As output, give the exact lines from the one containing "Some of the words" through the end of the listing below, both included, without the pictures.
§ §
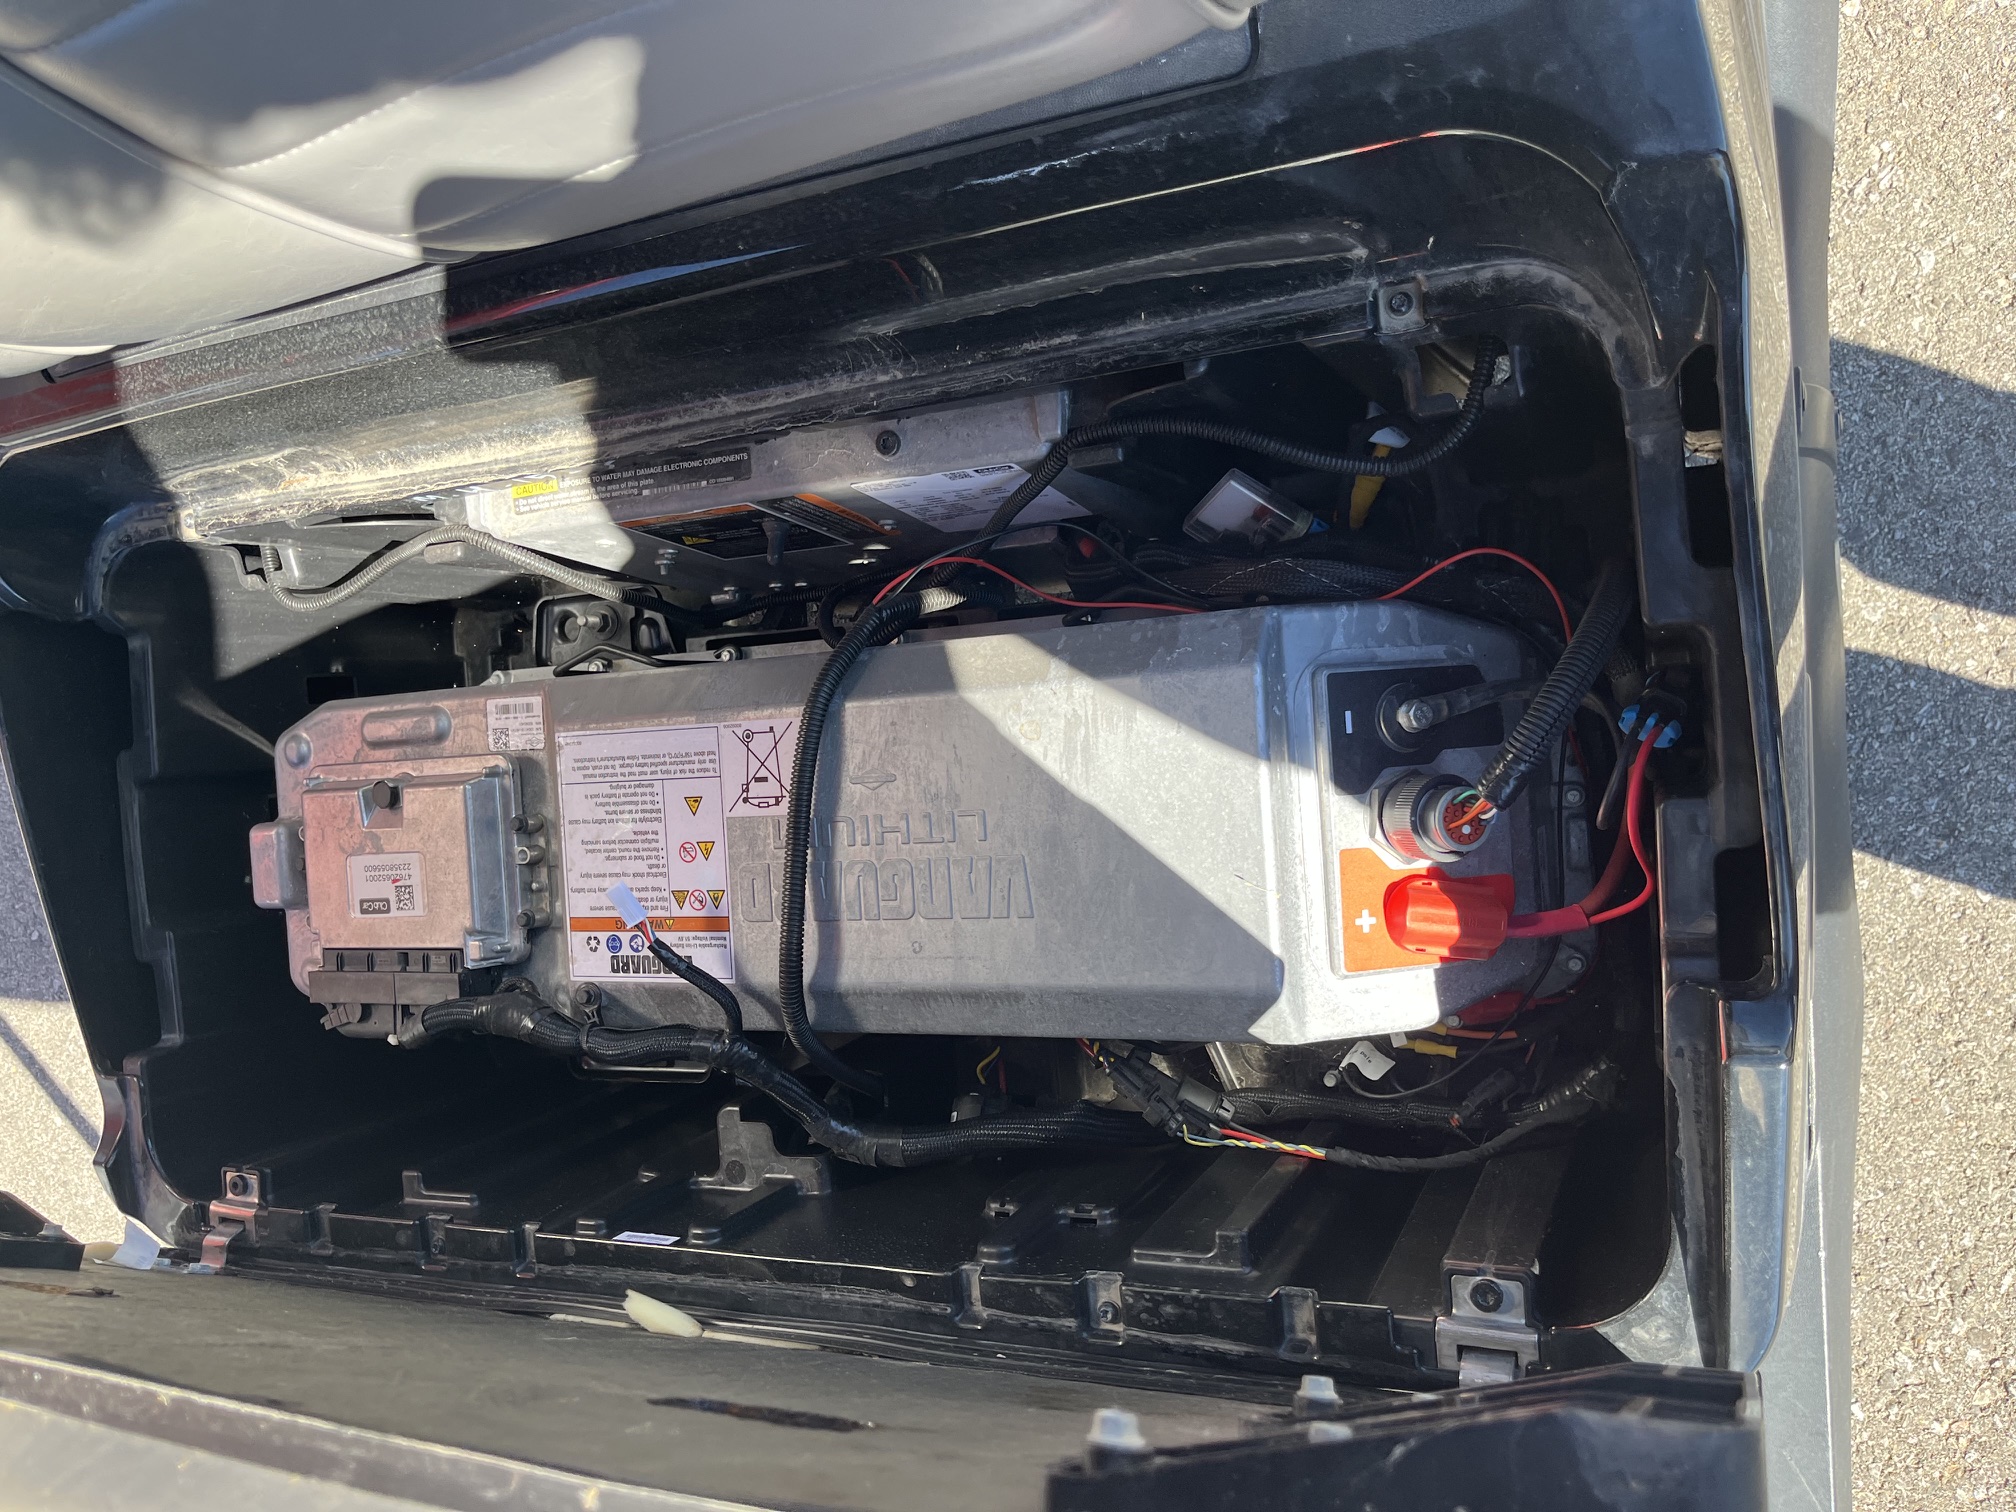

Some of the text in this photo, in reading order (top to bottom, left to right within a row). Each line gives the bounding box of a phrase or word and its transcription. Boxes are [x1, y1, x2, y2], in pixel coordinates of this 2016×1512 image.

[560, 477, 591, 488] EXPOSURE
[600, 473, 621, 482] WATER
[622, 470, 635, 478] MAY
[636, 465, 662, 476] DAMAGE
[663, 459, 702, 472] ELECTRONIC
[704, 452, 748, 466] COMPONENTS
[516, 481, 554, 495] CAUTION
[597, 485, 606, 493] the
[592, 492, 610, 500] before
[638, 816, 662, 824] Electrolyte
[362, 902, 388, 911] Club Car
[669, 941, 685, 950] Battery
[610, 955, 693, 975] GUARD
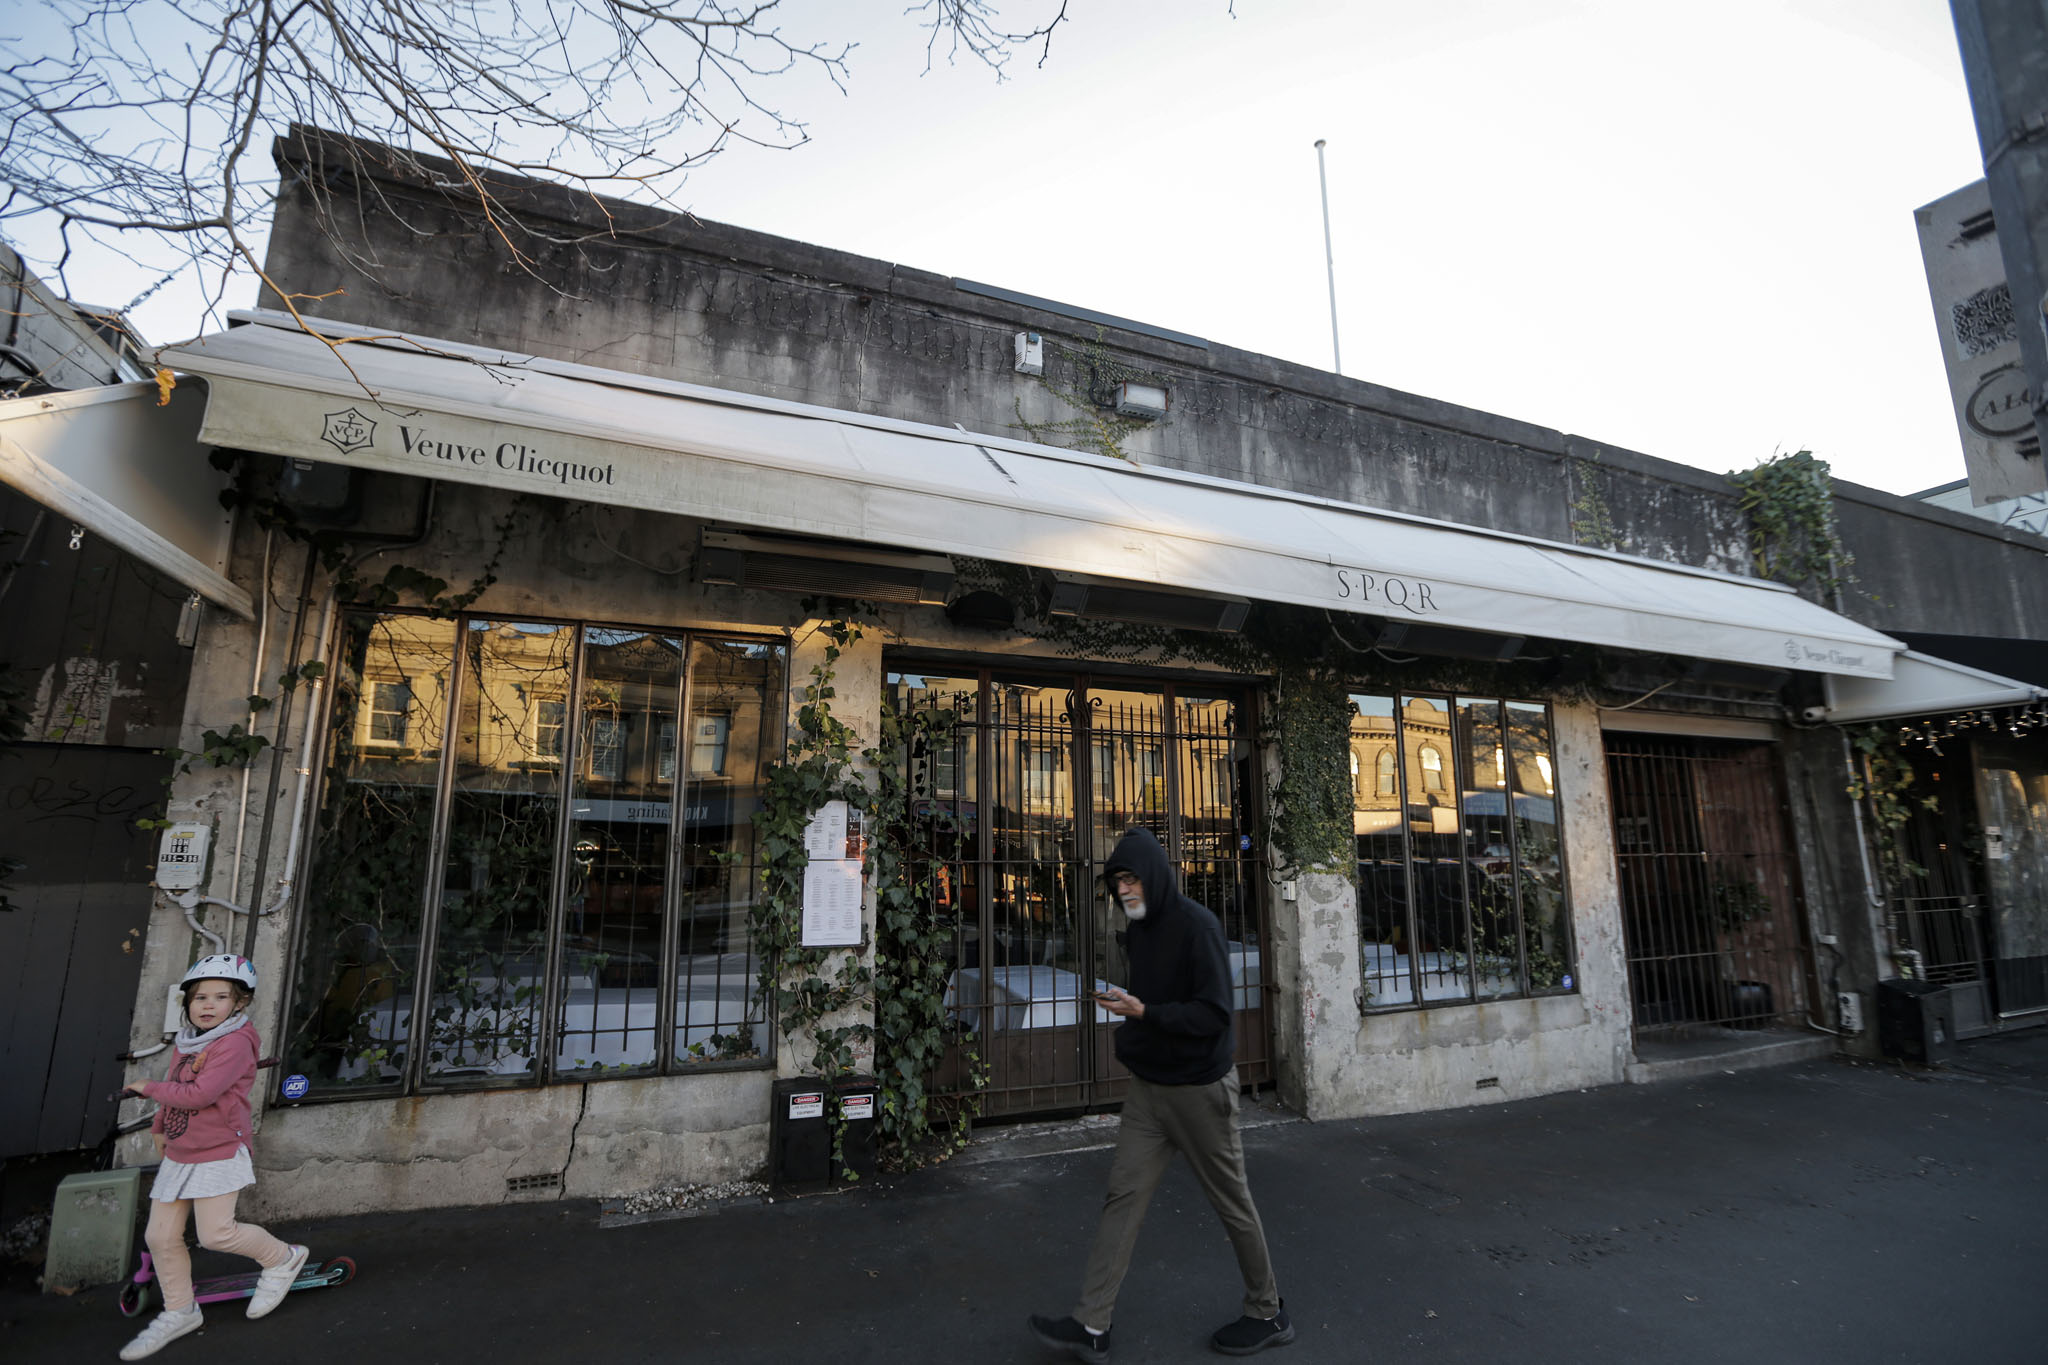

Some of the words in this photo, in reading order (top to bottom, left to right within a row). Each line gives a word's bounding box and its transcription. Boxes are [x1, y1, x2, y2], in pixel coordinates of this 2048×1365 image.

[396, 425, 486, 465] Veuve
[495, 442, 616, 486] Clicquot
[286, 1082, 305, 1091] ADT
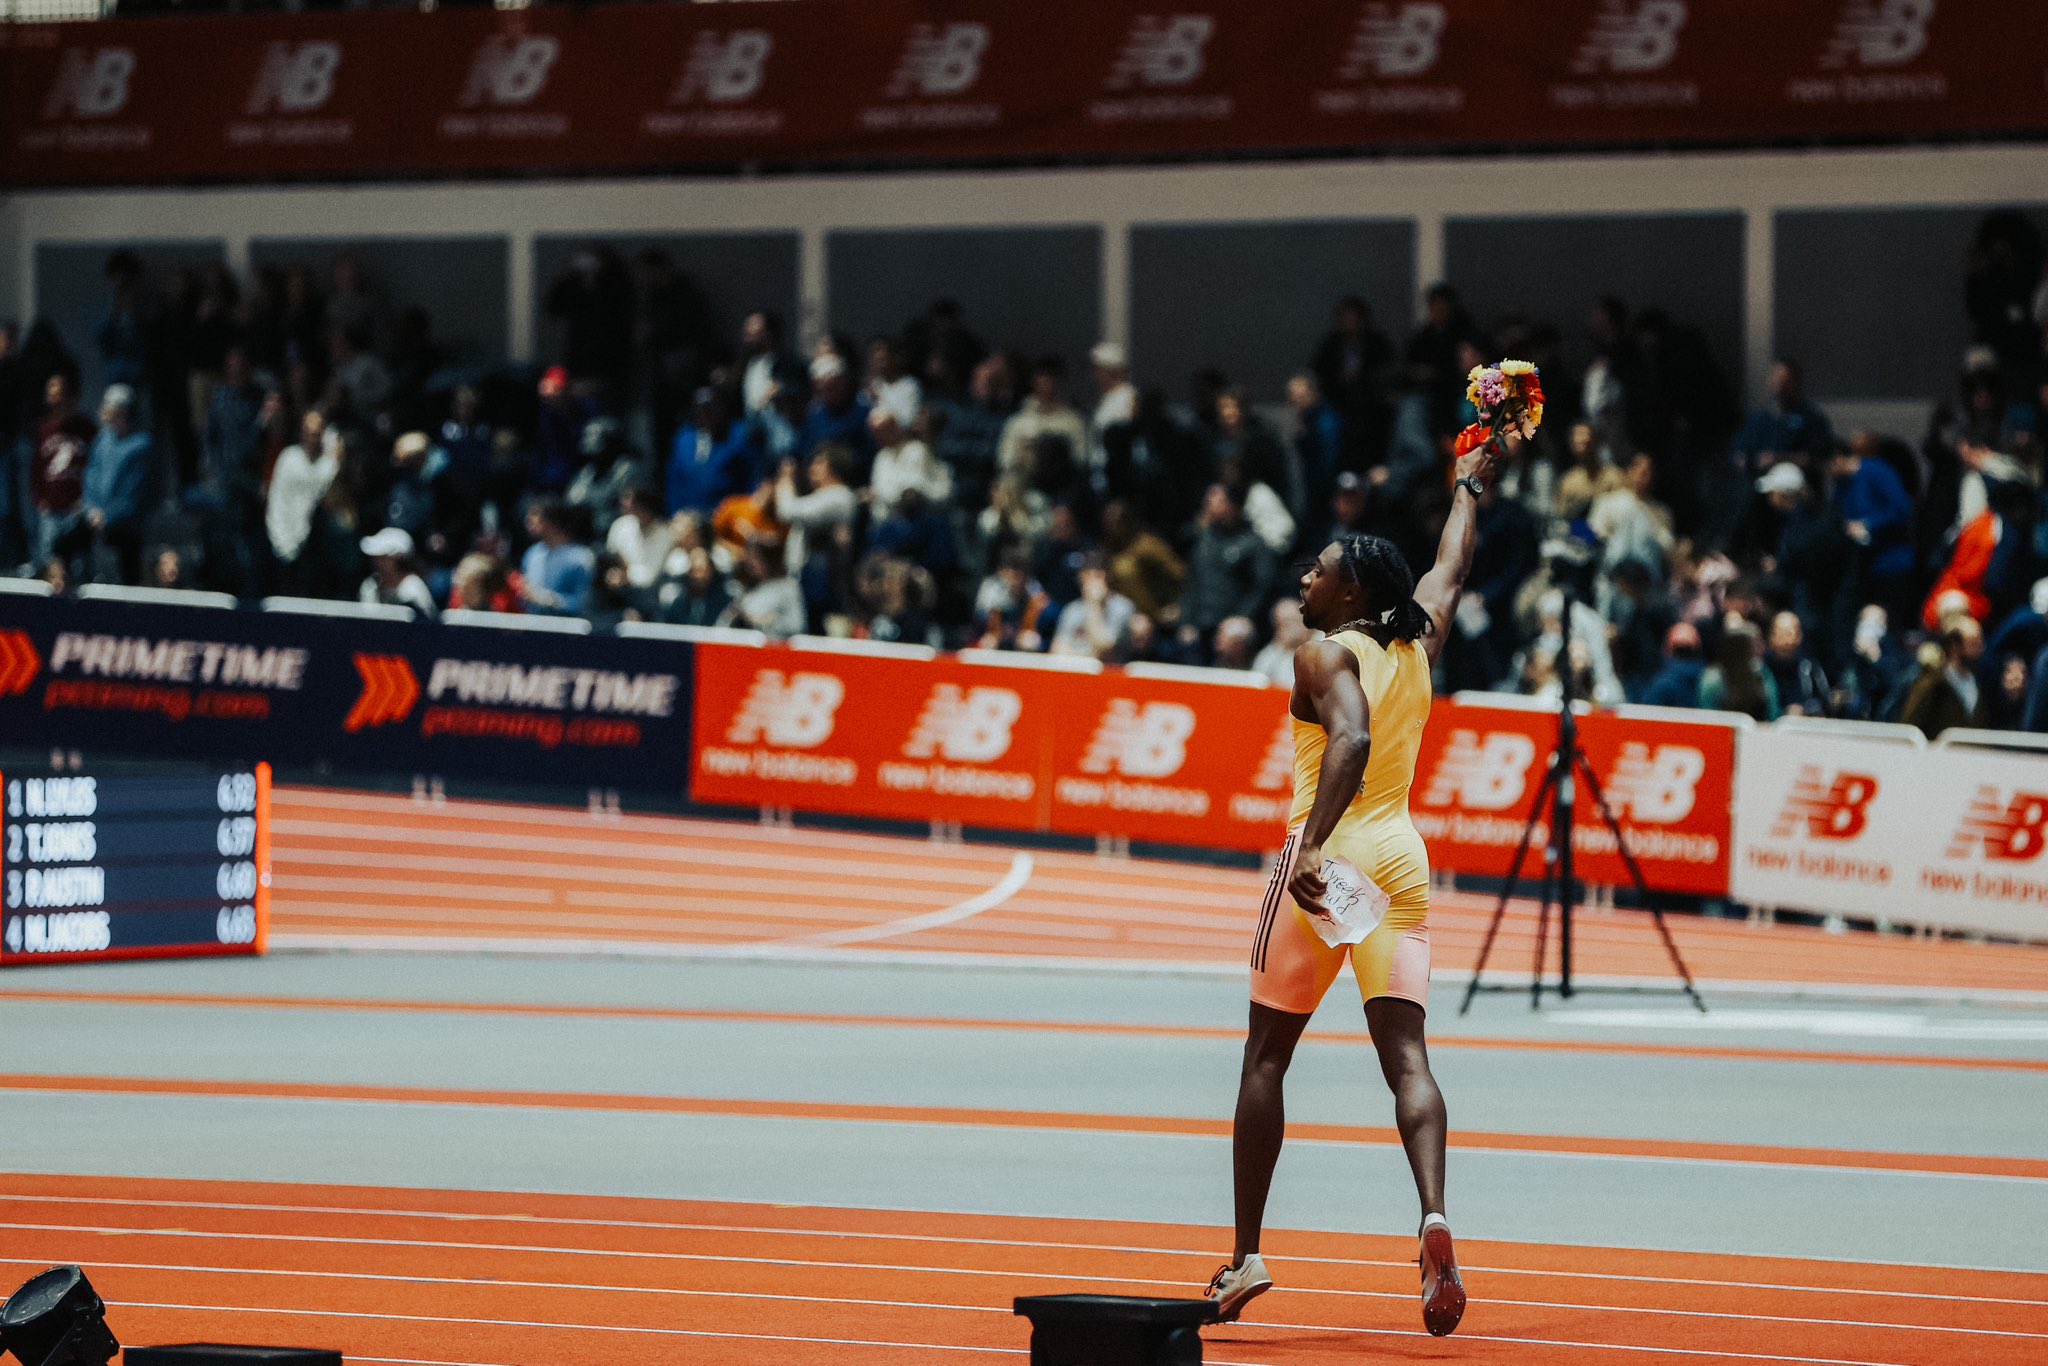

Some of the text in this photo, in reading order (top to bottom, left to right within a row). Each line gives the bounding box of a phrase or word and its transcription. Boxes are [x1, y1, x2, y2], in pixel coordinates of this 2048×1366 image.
§ §
§ Exercise output:
Some of the words in this photo, in reading order (top to bottom, left to right within a row). Each line gives a word's bounding box and its transcription. Boxes are [x1, y1, x2, y2], in pixel coordinates of this 2048×1365 image.

[396, 425, 486, 465] Veuve
[495, 442, 616, 486] Clicquot
[286, 1082, 305, 1091] ADT

Some of the text in this photo, in reading order (top to bottom, left to right within a row). Each line gives the bounding box of a phrase or word and its transcription. Boxes are [x1, y1, x2, y2], in pixel coordinates of this 2048×1366 image.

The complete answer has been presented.